Там на стульях вдоль стен и на диване сидели водители постарше, посолиднее. Шоферы помоложе сидели на полу, свернув ноги калачиком. В той же позе около двери, ведущей в прихожую, сидели старый Крохалев и Кожагул. А из прихожей густо несло кислятиной новых полушубков. Туда набились ленинградцы и местные молодые механизаторы. Ребята принесли в прихожую скамейки, но скамеек оказалось мало, сидели друг у друга на коленях. И в столовой и в прихожей было напряженно тихо. Ясно доносился из глубины дома, из кухни лай Карабаса, встревоженного нашествием людей.
Борис сел за стол рядом с Корчаковым, положил перед собой записную книжку. Борис гордился ею. За короткое время целинного похода она не раз уже намокала, высыхала и закручивалась уголками страниц. Действительно, походная боевая подруга! Не то, что чистенькие книжечки городского репортажа.
Воронков посмотрел вопросительно на Корчакова и сказал деловым тоном:
— Товарищи целинники! На повестке дня нашего общего собрания вопрос…
— Ладно тебе, Илья! — крикнули из передней. — Ты еще президиум выбери!..
— Можно и в таком разрезе, — не смутился Воронков и снова посмотрел на Егора Парменовича. — А для начала, считаю, мы послушаем доклад директора нашего совхоза…
— На колесах!
— И на полном тормозе! — насмешливо добавили из прихожей.
Там коротенько, не зло хохотнули.
— Сначала пускай товарищ Садыков про горы, про дорогу расскажет, — поднявшись, сказал Полупанов и снова сел.
— Точно! — поддержал его Непомнящих. — Душа не на месте, а тут с докладами!
— Давайте, Курман.

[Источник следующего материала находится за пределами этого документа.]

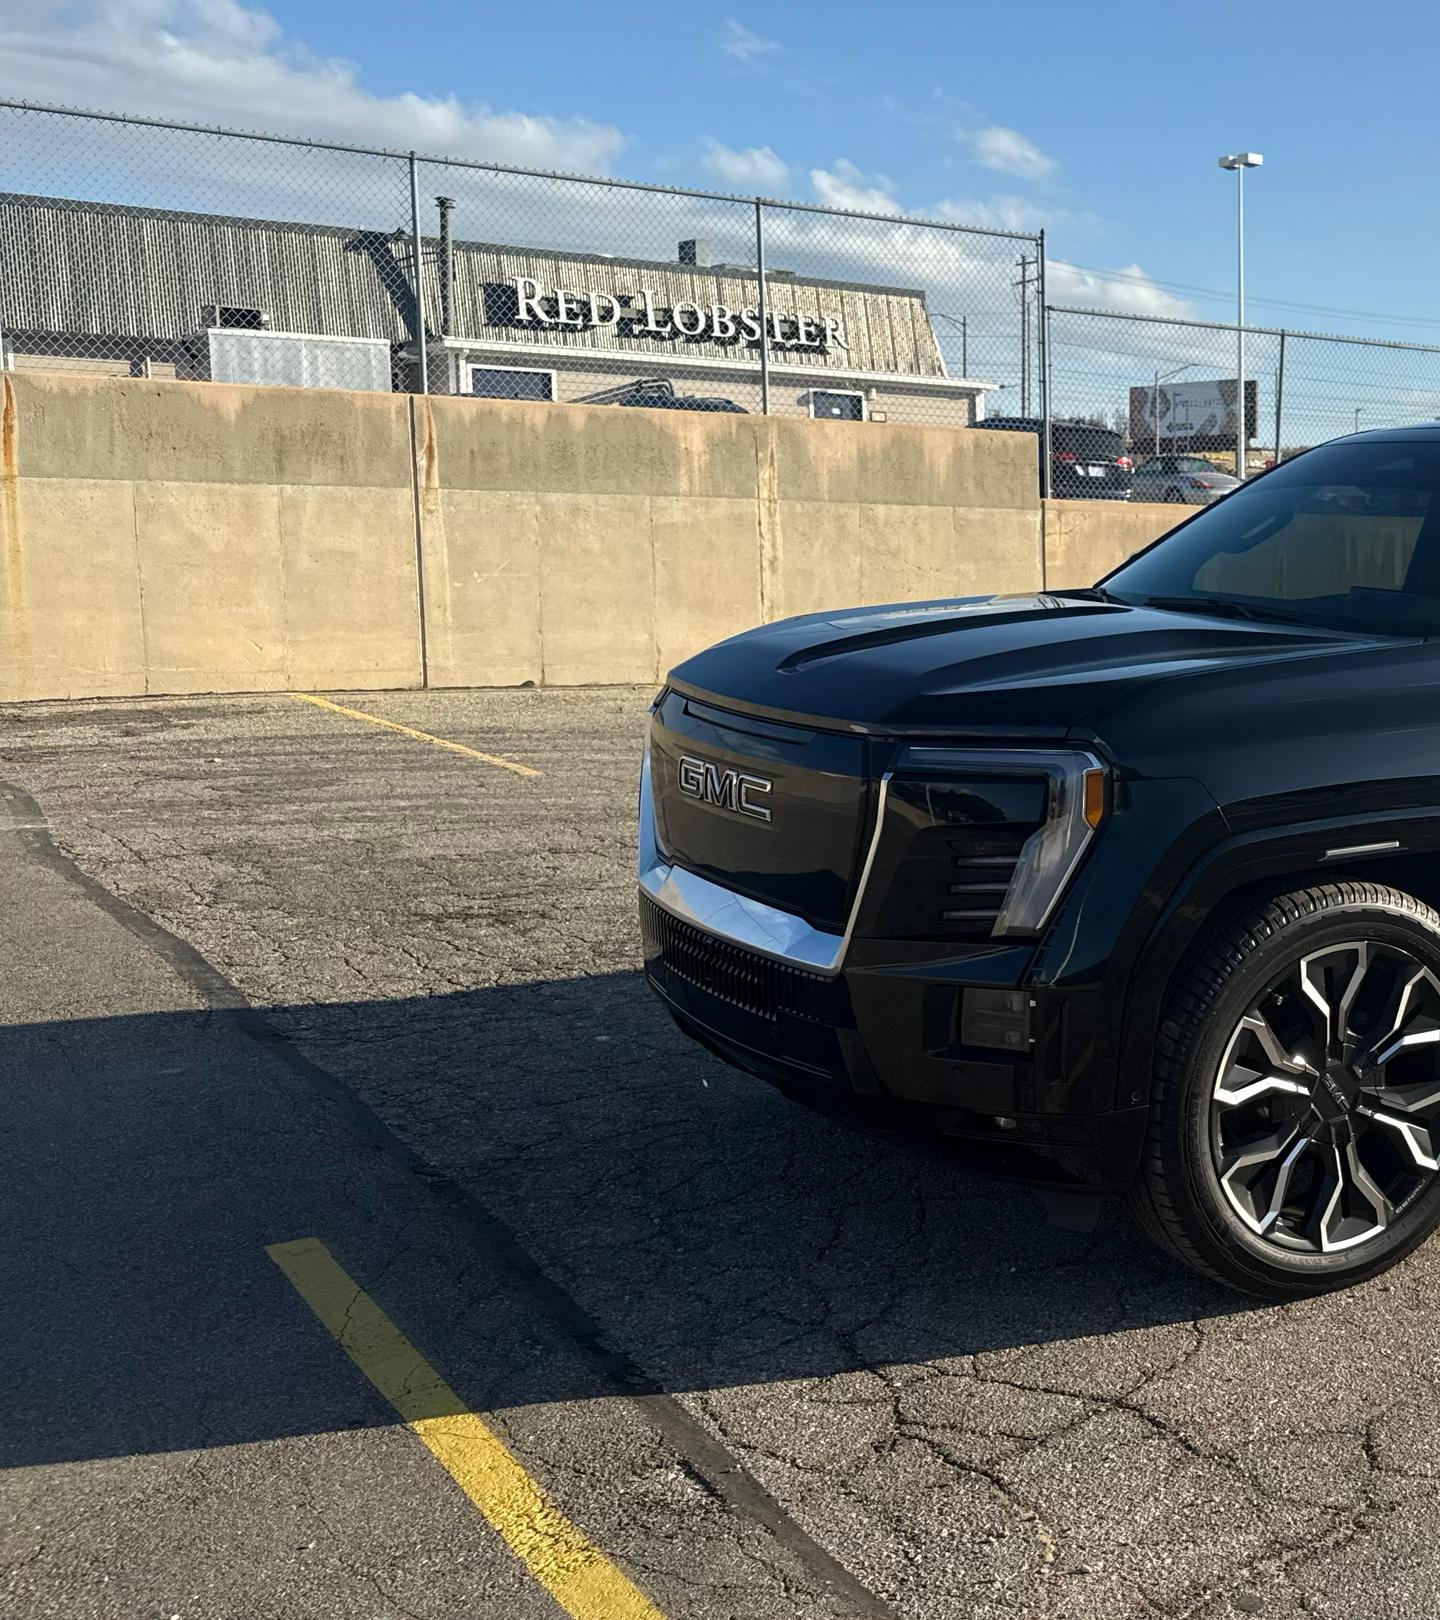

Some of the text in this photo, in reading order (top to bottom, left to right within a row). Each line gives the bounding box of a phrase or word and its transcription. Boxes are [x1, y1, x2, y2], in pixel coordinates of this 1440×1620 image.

Газизыч, — посмотрел Трушин на Садыкова. — И чистым весом кладите, без бумаги.
— Какой разговор? Чистым весом положу, — поднялся завгар.
Но говорить ему помешали Неуспокоев и Шура. Они вошли, как входят опоздавшие на собрание: на цыпочках, ни на кого не глядя и почему-то пригнув голову. За ними топала Марфа с денежным ящиком на плече. Шуре уступили стул. Неуспокоев огляделся и сел на подоконник, тесно к Чупрову, за его спиной. Борису показалось, что он сделал это не без тайной цели. Марфа села высокомерно, как на трон, на триста тысяч наличными.
Садыков откашлялся, намереваясь начать, но ему опять помешали. В дверях кабинета показалась Варвара и с встревоженным лицом поманила пальцем и головой Квашнину. По шагам Шуры Борис определил, что она через кабинетик прошла почему-то в спальню.
— Не жди, Курман Газизыч, начинай, — нахмурился Корчаков. — Этим хождениям, видно, конца не будет.
— Я сказал уже — дорога сердится! — начал Садыков. — Уважаемый мугалим, товарищ Нуржанов говорил: в старое время караваны в горах в десять рядов шли. Правду говорил! Проезжая часть широкая, ничего не скажешь. Автострада! Десять верблюдов пройдут, а машина?.. Подъемы крутые есть, на себе будем машины тащить. И спуски крутые тоже есть, как мухи по стенке ползать будем. Вниз головой! Что?.. Крутые повороты есть, пропасти есть.
— Пропасть и кривой увидит, — спокойно сказал Грушин. — А выворотни есть и ямы, заросшие травой? Это настоящая западня для шофера.
— Есть выворотни, ямы тоже есть. А еще, не забыть сказать, придется в лесу делать… как это называется? — затруднительно пошевелил Садыков пальцами. — Да! Просеку в лесу делать, на полкилометра.
— А какой лес? — деловито спросил Неуспокоев. — Мелкий кустарник? Или настоящий?
— Там все настоящее. Очень настоящий лес! Сосна! Еще про одно место скажу. Очень крутой поворот около упавшей скалы и на подъеме. Назови то место «слезы шофера», ошибки не будет. Что? А плакать некогда. На одном колесе вертеться надо. Такая вот дорога. Понимаешь?